Collected data
- - -

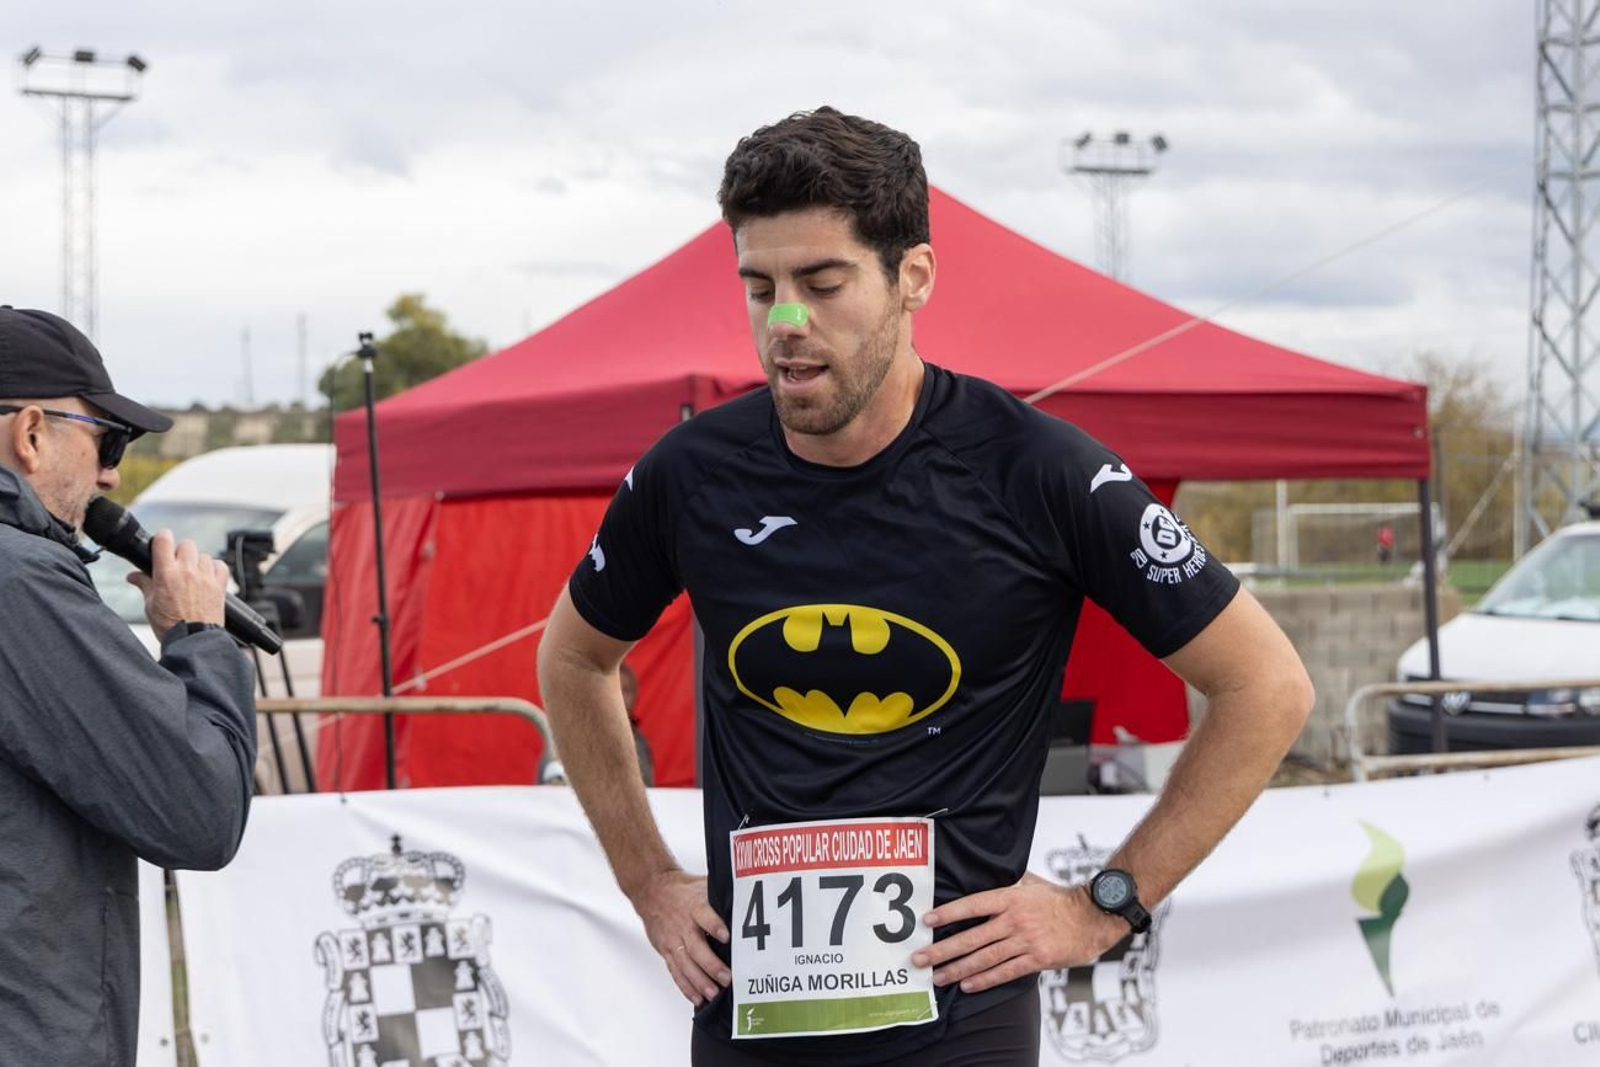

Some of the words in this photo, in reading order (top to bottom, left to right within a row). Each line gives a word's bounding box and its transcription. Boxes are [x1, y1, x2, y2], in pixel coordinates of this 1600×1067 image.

[1147, 565, 1182, 584] SUPER
[927, 726, 941, 735] TM
[753, 837, 780, 868] CROSS
[782, 832, 830, 865] POPULAR
[832, 830, 873, 862] CIUDAD
[876, 829, 892, 860] DE
[893, 828, 923, 859] JAEN
[741, 872, 917, 951] 4173
[794, 953, 844, 965] IGNACIO
[748, 974, 803, 995] ZUÑIGA
[808, 968, 909, 991] MORILLAS
[1384, 1002, 1470, 1027] Municipal
[1475, 1000, 1501, 1018] de
[1320, 1041, 1400, 1065] Deportes
[1406, 1034, 1431, 1054] de

- - -

▸ **Assignment**:
Return the records above exactly as written, but without any of the pictures.

▸ **Solved problem**:
Some of the words in this photo, in reading order (top to bottom, left to right within a row). Each line gives a word's bounding box and its transcription. Boxes are [x1, y1, x2, y2], in pixel coordinates of this 1600×1067 image.

[1147, 565, 1182, 584] SUPER
[927, 726, 941, 735] TM
[753, 837, 780, 868] CROSS
[782, 832, 830, 865] POPULAR
[832, 830, 873, 862] CIUDAD
[876, 829, 892, 860] DE
[893, 828, 923, 859] JAEN
[741, 872, 917, 951] 4173
[794, 953, 844, 965] IGNACIO
[748, 974, 803, 995] ZUÑIGA
[808, 968, 909, 991] MORILLAS
[1384, 1002, 1470, 1027] Municipal
[1475, 1000, 1501, 1018] de
[1320, 1041, 1400, 1065] Deportes
[1406, 1034, 1431, 1054] de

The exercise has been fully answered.